Treatment of complicated cases of gonorrhea (pelvic inflammatory disease, acute epididymitis, disseminated gonococcal infection) and gonorrhea in children require different treatment regimens, and consultation with an Infectious Disease specialist may be indicated.
References:
“COBAS AMPLICOR: Fully Automated RNA and DNA Amplification and Detection System for Routine Diagnostic PCR.” N. DiDomenico, et al. Clinical Chemistry. 1996, Dec; 42(12): 1915-23.
“Diagnosis of Urogenital Gonorrhoea: Evaluation of an Enzyme Immunoassay and Use of Urine as a Non-invasive Specimen.” K.C. Wong, et al. British Journal of Biomedical Science. 1994, Dec; 51(4): 312-5.

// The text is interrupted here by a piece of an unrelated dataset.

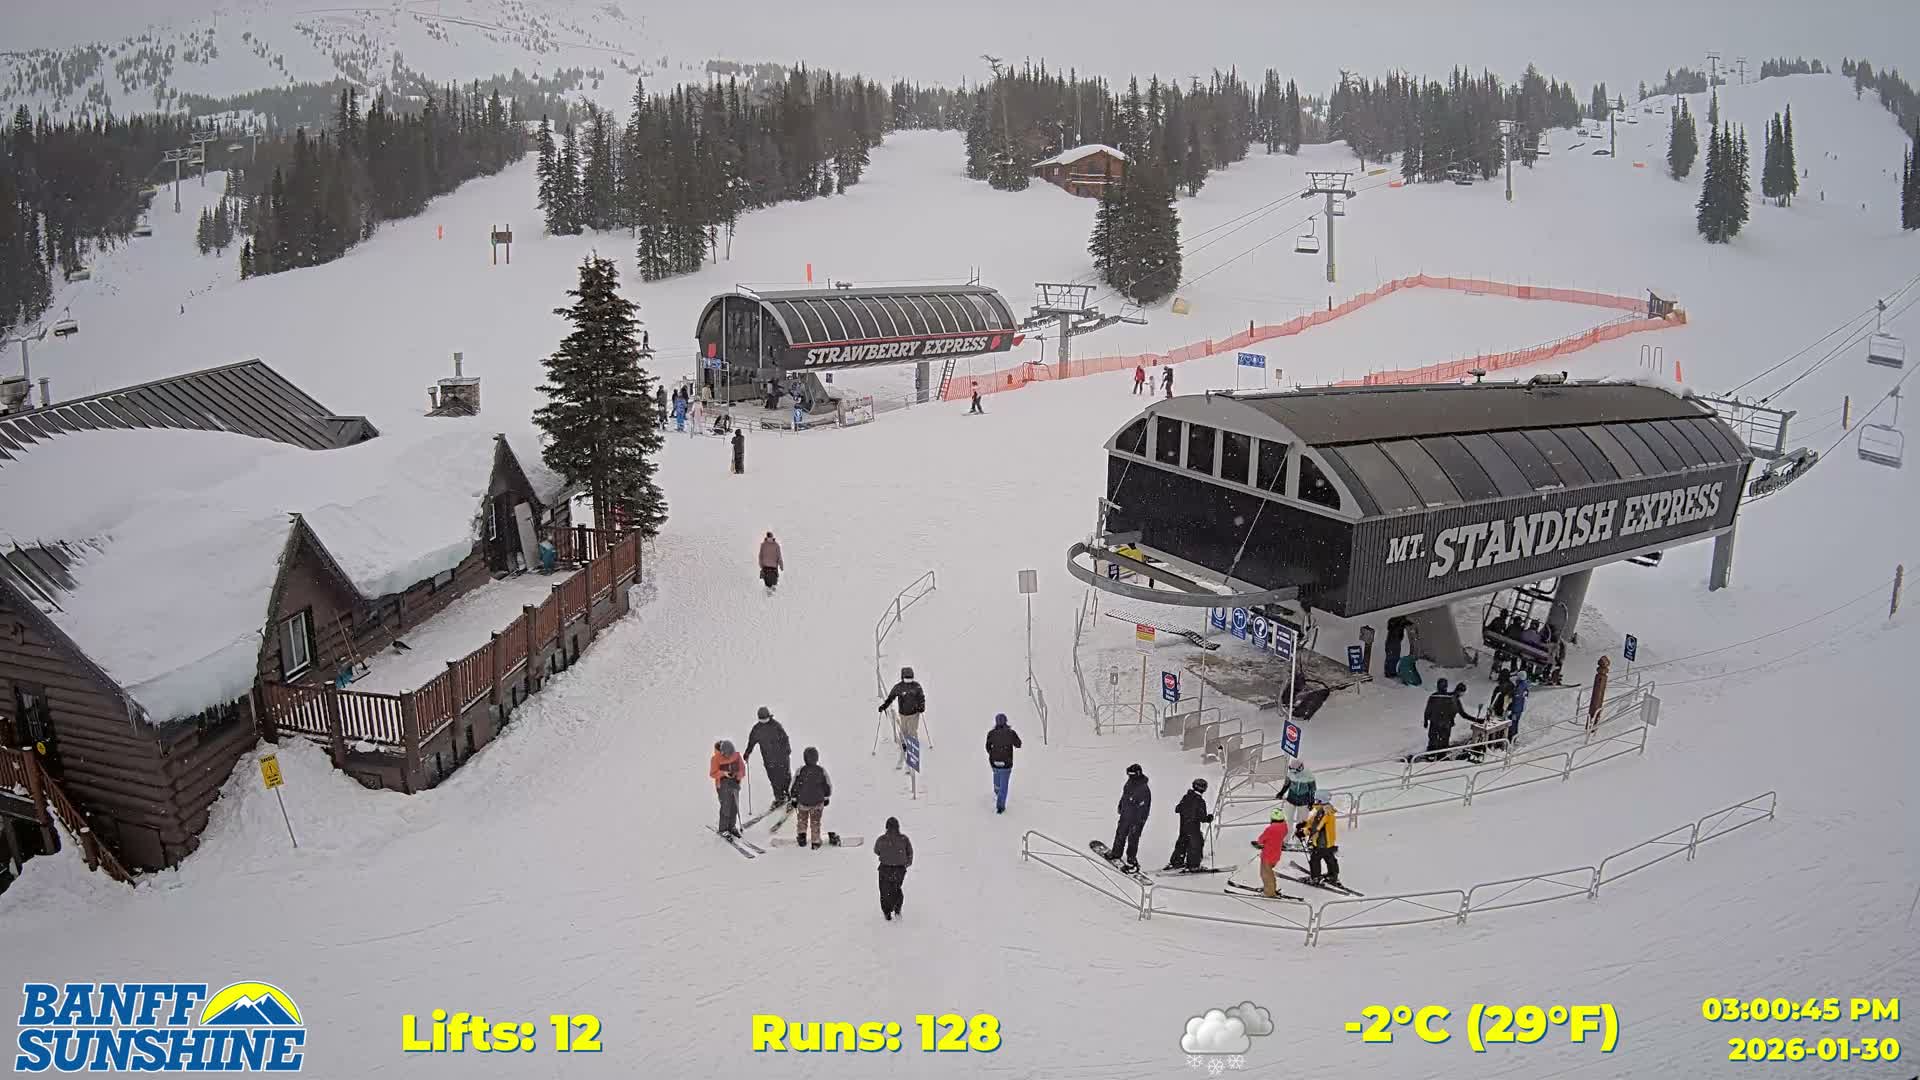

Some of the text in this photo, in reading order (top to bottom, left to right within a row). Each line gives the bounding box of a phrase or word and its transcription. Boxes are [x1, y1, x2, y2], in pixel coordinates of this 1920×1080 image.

“The Emergence of Neisseria gonorrhoeae with Decreased Susceptibility to Ciprofloxacin in Cleveland, Ohio: Epidemiology and Risk Factors.” S.M. Gordon, et al. Annals of Internal Medicine. 1996, Sept. 15; 125(6): 465-70.
“Laboratory Diagnosis of Sexually Transmitted Diseases in Facilities within the United States. Results of a national Survey.” C.M. Beck-Sague, et al. Sexually Transmitted Diseases. 1996, July-Aug.; 23(4): 342-9.
Mandell, Douglas and Benett’s Principles and Practice of Infectious Diseases. Edited by Gerald L Mandell, M.D., John E. Bennet, M.D. and Raphael Dolin, M.D. Churchill Livingstone, Fourth Edition. New York, 1995: pp. 1,909- 23 and 2,493-6.
Medical Microbiology. Edited by Samuel Baron, M.D. Fourth Edition. Churchill Livinstone Inc., 1991: pp. 224-5.
“Sexually Transmitted Diseases in Children and Evidence of Sexual Abuse.” A.C. Argent, et al. Child Abuse and Negligence. 1995, October;19(10): 1303-10.
“Update on Laboratory Diagnosis of Sexually Transmitted Diseases.” Gail L. Woods, M.D. Clinics in Laboratory Medicine. 1995 Sept. 15(3): 665-84.